Stored UIImage pixel data into c array, unable to determine array's element count


I initialized the array like so

CGImageRef imageRef = CGImageCreateWithImageInRect(image.CGImage, bounds);
CGColorSpaceRef colorSpace = CGColorSpaceCreateDeviceRGB();
NSUInteger width = CGImageGetWidth(imageRef);
NSUInteger height = CGImageGetHeight(imageRef);
unsigned char *rawData = malloc(height * width * 4);
NSUInteger bytesPerPixel = 4;
NSUInteger bytesPerRow = bytesPerPixel * width;
NSUInteger bitsPerComponent = 8;
CGContextRef context = CGBitmapContextCreate(rawData, width, height, bitsPerComponent, bytesPerRow, colorSpace, kCGImageAlphaPremultipliedLast | kCGBitmapByteOrder32Big);

However, when I tried checking the count through an NSLog, I always get 4 (4/1, specifically).

int count = sizeof(rawData)/sizeof(rawData[0]);
NSLog(@"%d", count);

Yet when I NSLog the value of individual elements, it returns non zero values.

ex.
CGFloat f1 = rawData[15];

CGFloat f2 = rawData[n], where n is image width*height*4;

//I wasn't expecting this to work since the last element should be n-1

Finally, I tried

int n = lipBorder.size.width *lipBorder.size.height*4*2; //lipBorder holds the image's dimensions, I tried multiplying by 2 because there are 2 pixels for every CGPoint in retina
CGFloat f = rawData[n];

This would return different values each time for the same image, (ex. 0.000, 115.000, 38.000).
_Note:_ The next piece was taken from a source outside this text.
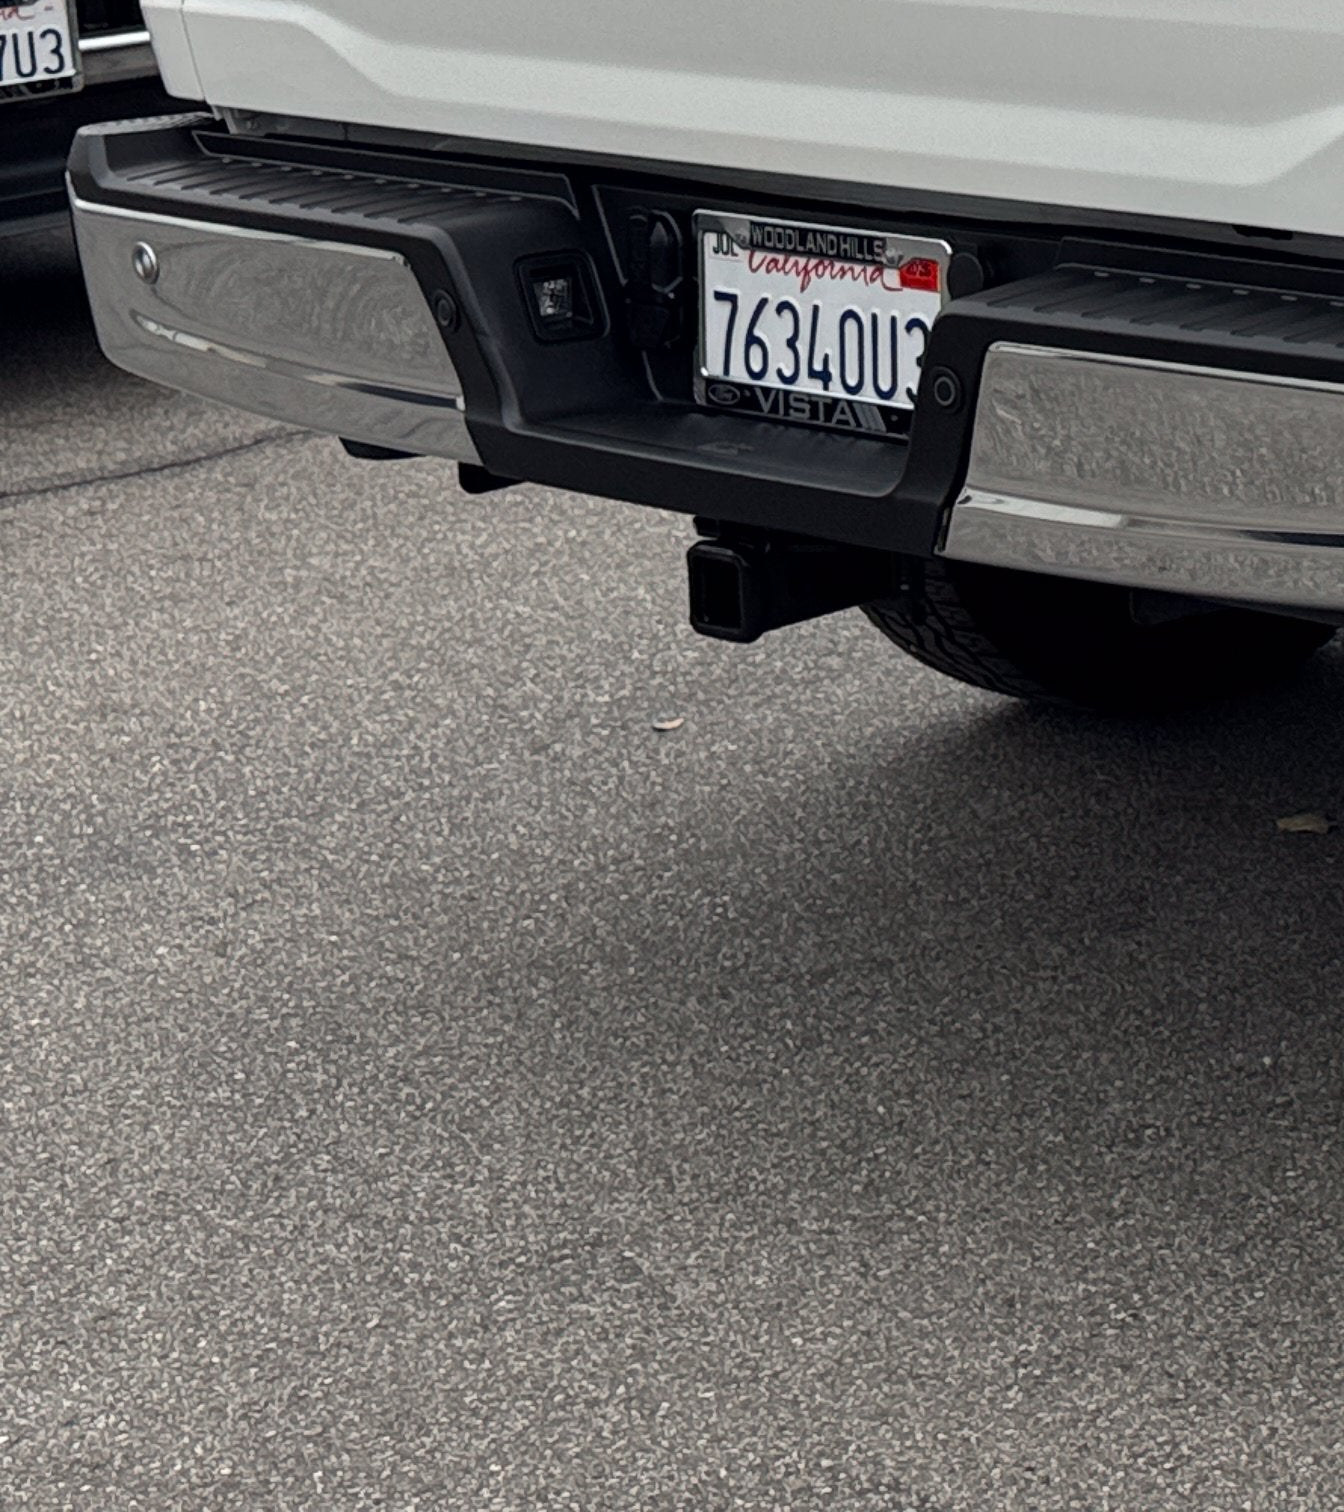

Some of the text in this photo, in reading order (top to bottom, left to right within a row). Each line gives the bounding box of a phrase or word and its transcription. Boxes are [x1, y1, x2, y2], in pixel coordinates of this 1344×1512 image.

[751, 224, 885, 263] WOODLAND HILLS
[753, 386, 858, 428] VISTA
How do I determine the count / how are the values being stored into the array?


Solution

  • rawData is a pointer to unsigned char, as such its size is 32 bits (4 bytes)[1]. rawData[0] is an unsigned char, as such its size is 8 bits (1 byte). Hence, 4/1.

    You've probably seen this done with arrays before, where it does work as you would expect:

    unsigned char temp[10] = {0};
    NSLog(@"%d", sizeof(temp)/sizeof(temp[0])); // Prints 10
    

    Note, however, that you are dealing with a pointer to unsigned char, not an array of unsigned char - the semantics are different, hence why this doesn't work in your case.

    If you want the size of your buffer, you'll be much better off simply using height * width * 4, since that's what you passed to malloc anyway. If you really must, you could divide that by sizeof(char) or sizeof(rawData[0]) to get the number of elements, but since they're chars you'll get the same number anyway.

    Now, rawData is just a chunk of memory somewhere. There's other memory before and after it. So, if you attempt to do something like rawData[height * width * 4], what you're actually doing is attempting to access the next byte of memory after the chunk allocated for rawData. This is undefined behaviour, and can result in random garbage values being returned[2] (as you've observed), some "unassigned memory" marker value being returned, or a segmentation fault occurring.


    [1]: iOS is a 32-bit platform
    [2]: probably whatever value was put into that memory location last time it was legitimately used.